Could you repeat all of the entries exactly, leaving out any pictures?

Records shown START

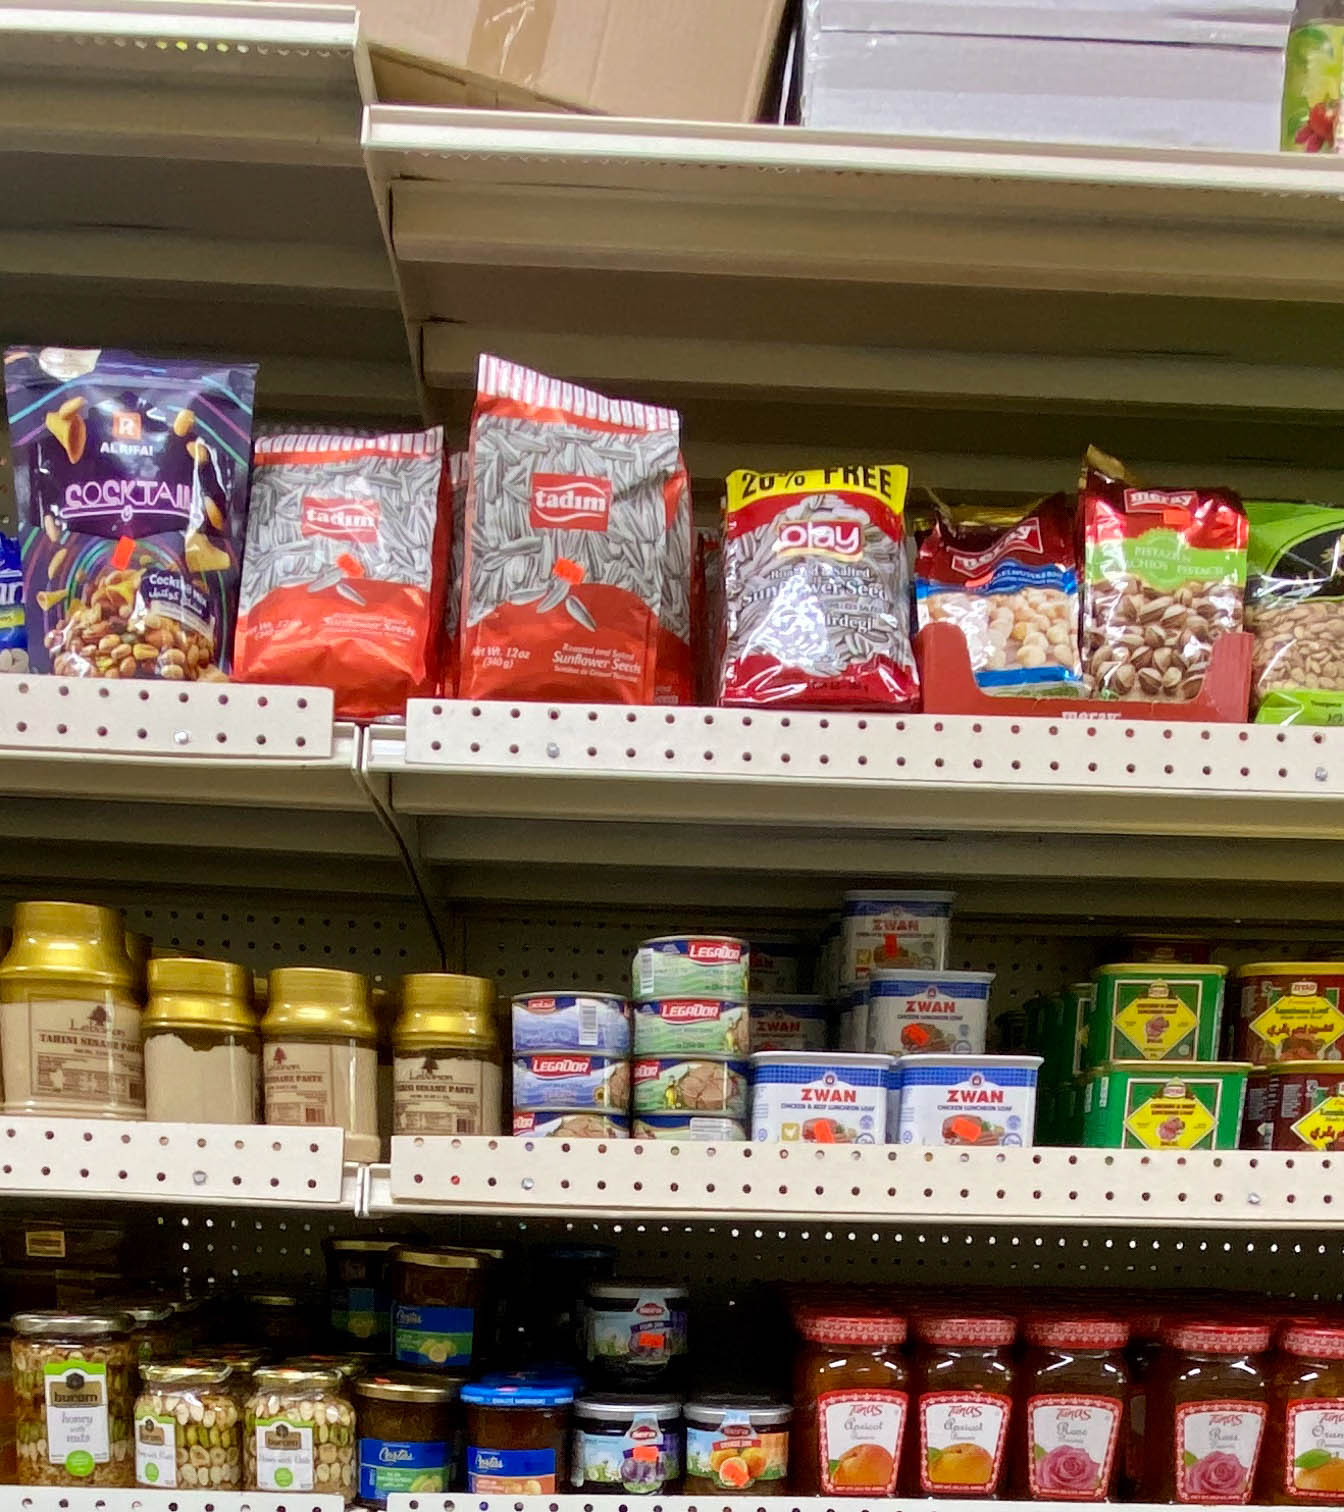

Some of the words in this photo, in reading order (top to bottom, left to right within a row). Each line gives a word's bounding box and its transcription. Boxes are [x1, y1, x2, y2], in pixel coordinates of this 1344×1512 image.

[872, 918, 920, 932] ZWAN
[660, 1002, 721, 1020] LEGADOR
[904, 1000, 957, 1014] ZWAN
[531, 1056, 590, 1075] LEGADOR
[800, 1088, 858, 1104] ZWAN
[946, 1089, 1005, 1104] ZWAN
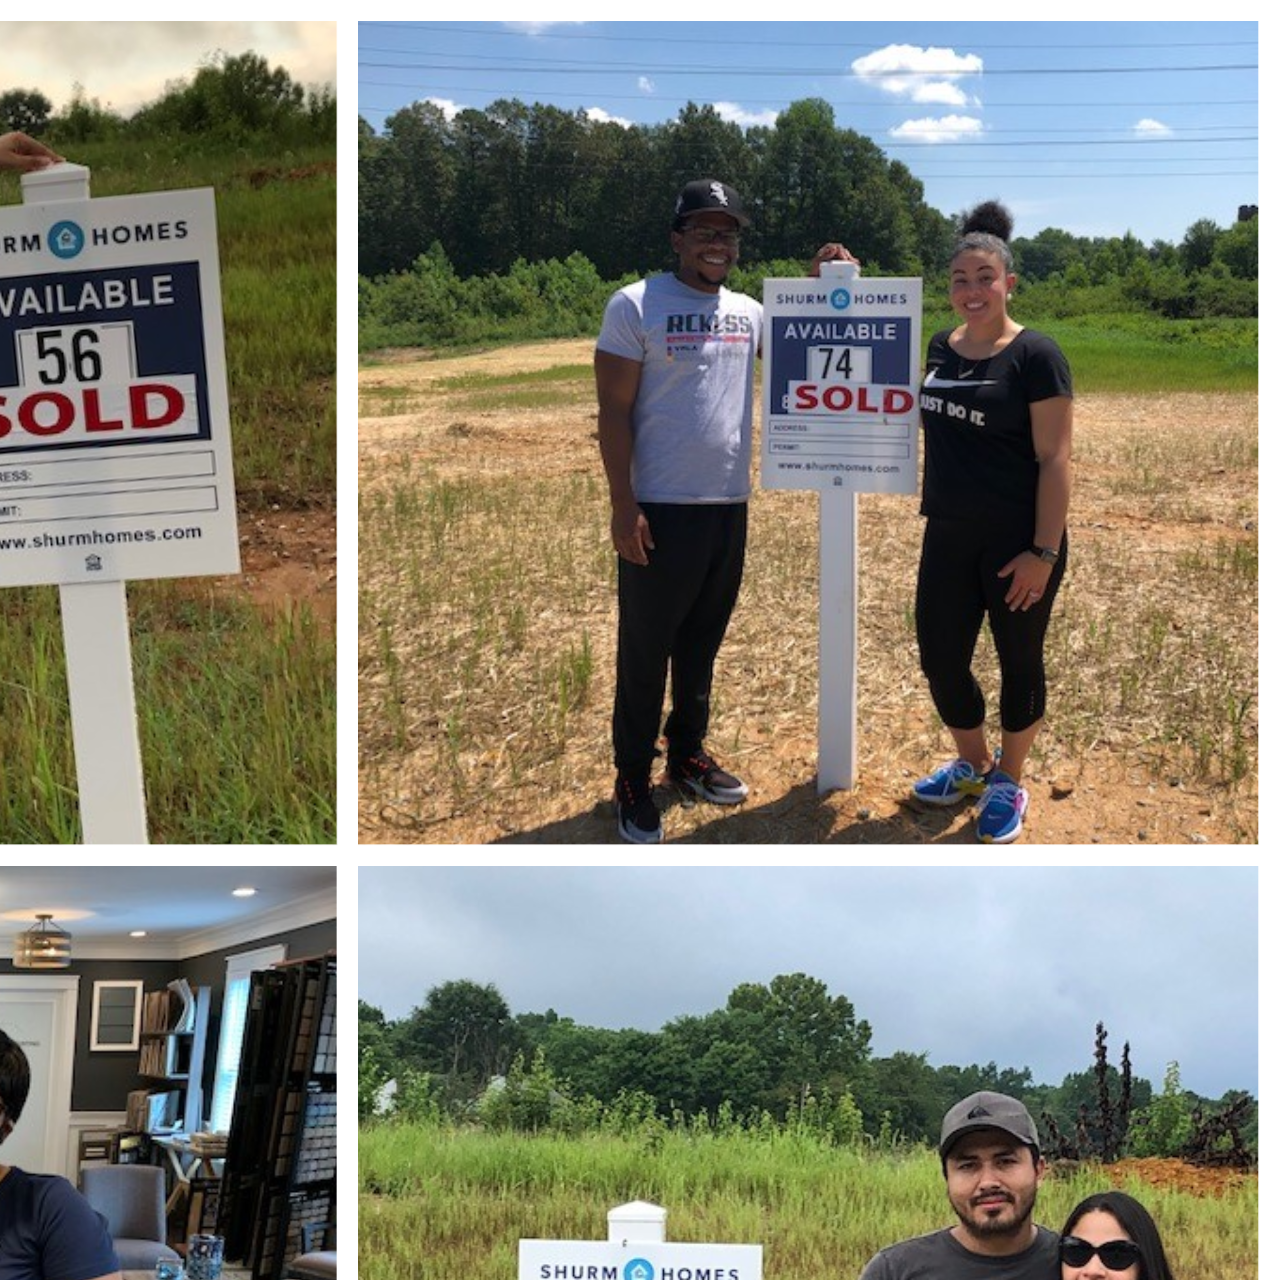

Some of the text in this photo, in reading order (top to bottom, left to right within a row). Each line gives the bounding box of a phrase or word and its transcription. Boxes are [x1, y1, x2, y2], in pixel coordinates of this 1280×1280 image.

[92, 221, 188, 246] HOMES
[776, 293, 908, 305] SHURM HOMES
[785, 323, 897, 340] AVAILABLE
[36, 328, 102, 385] 56
[818, 348, 853, 380] 74
[795, 385, 914, 415] SOLD
[947, 401, 967, 419] DO
[970, 409, 985, 426] IT.
[778, 461, 900, 473] www.shurmhomes.com

Records shown END

> [Task solution]
Some of the words in this photo, in reading order (top to bottom, left to right within a row). Each line gives a word's bounding box and its transcription. Boxes are [x1, y1, x2, y2], in pixel coordinates of this 1344×1512 image.

[872, 918, 920, 932] ZWAN
[660, 1002, 721, 1020] LEGADOR
[904, 1000, 957, 1014] ZWAN
[531, 1056, 590, 1075] LEGADOR
[800, 1088, 858, 1104] ZWAN
[946, 1089, 1005, 1104] ZWAN

Some of the text in this photo, in reading order (top to bottom, left to right within a row). Each line gives the bounding box of a phrase or word and its transcription. Boxes are [x1, y1, x2, y2], in pixel coordinates of this 1280×1280 image.

[92, 221, 188, 246] HOMES
[776, 293, 908, 305] SHURM HOMES
[785, 323, 897, 340] AVAILABLE
[36, 328, 102, 385] 56
[818, 348, 853, 380] 74
[795, 385, 914, 415] SOLD
[947, 401, 967, 419] DO
[970, 409, 985, 426] IT.
[778, 461, 900, 473] www.shurmhomes.com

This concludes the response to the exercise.